オムニチャネルで解決するわけではない

 カメラのキタムラが129店舗を閉鎖する、というニュースが流れています。カメラのキタムラといえば、日本のオムニチャネルの事例のモデルケースとも言うべきもので、ネットよりも店舗重視な管理指標や評価制度は、他の小売りからも範とされるものです。また、旧聞に属しますが、オムニチャネルの事例として、まず取り上げられるアメリカの老舗百貨店macy'sも同じように閉店・リストラの動きがあります。

 

 macy'sの場合は、実際の店舗では、正直あまりオムニチャネルをアピールしていないのでは?と以前アメリカに行った際に思えたのですが、キタムラは先にも書いたように店舗前提のオムニチャネル感は逸見元執行役員が雑誌でも何度も語っていらしたことはご存知の通り。それでも、本業のプリント事業や、0円販売規制によるスマホ販売事業の不振はカバーできなかったようです。

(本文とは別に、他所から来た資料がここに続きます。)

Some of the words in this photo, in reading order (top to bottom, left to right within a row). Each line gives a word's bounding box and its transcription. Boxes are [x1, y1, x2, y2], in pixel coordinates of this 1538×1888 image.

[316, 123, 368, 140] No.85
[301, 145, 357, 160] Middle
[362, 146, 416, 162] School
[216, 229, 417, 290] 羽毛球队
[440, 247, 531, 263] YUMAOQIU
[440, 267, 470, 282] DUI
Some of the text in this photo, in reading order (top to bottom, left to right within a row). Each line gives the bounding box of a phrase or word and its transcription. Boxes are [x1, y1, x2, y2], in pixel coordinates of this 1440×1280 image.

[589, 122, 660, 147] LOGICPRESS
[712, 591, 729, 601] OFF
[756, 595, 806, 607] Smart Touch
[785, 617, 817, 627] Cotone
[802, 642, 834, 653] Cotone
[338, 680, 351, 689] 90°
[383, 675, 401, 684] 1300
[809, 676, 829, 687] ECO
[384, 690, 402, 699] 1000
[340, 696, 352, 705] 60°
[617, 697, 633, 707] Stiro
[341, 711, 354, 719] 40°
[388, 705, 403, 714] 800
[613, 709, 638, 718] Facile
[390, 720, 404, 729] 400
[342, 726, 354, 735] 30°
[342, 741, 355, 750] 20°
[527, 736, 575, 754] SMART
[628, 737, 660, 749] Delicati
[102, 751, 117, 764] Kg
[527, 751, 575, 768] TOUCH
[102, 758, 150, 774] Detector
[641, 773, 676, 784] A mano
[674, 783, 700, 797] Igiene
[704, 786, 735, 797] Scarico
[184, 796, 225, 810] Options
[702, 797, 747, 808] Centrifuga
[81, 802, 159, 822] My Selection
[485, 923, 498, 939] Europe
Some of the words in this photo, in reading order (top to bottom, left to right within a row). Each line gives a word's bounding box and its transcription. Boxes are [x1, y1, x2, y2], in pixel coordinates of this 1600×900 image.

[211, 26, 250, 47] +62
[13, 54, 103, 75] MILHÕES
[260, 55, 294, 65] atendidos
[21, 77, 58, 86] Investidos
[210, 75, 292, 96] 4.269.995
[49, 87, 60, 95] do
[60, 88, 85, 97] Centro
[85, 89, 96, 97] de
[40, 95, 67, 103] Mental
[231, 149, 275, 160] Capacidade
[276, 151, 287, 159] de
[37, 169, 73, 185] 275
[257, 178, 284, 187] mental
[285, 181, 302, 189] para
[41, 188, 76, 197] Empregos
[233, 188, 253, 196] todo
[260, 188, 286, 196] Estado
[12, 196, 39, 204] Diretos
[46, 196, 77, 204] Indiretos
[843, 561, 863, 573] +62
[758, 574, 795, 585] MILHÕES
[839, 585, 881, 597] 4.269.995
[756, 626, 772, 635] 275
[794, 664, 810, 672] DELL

 両者ともオムニチャネルにますます注力し、店舗の閉鎖もオムニチャネルに寄与しない店舗の閉鎖、と発表しています。勿論、オムニチャネルは今後の小売りの柱になるものだと思います。しかしながら、それは「事業」ではなく売り方・業態に近いものではないか?とも愚考します。であるならば、「何を」「誰に」売るのか?という小売りの大黒柱を確立する必要があるのであって、その大黒柱が寿命を迎えているのであれば、ジャスコのいう「大黒柱に車を付け」てでも事業の転地を図らないと今後も厳しいのではないか?と余計な心配をしてしまうのでした。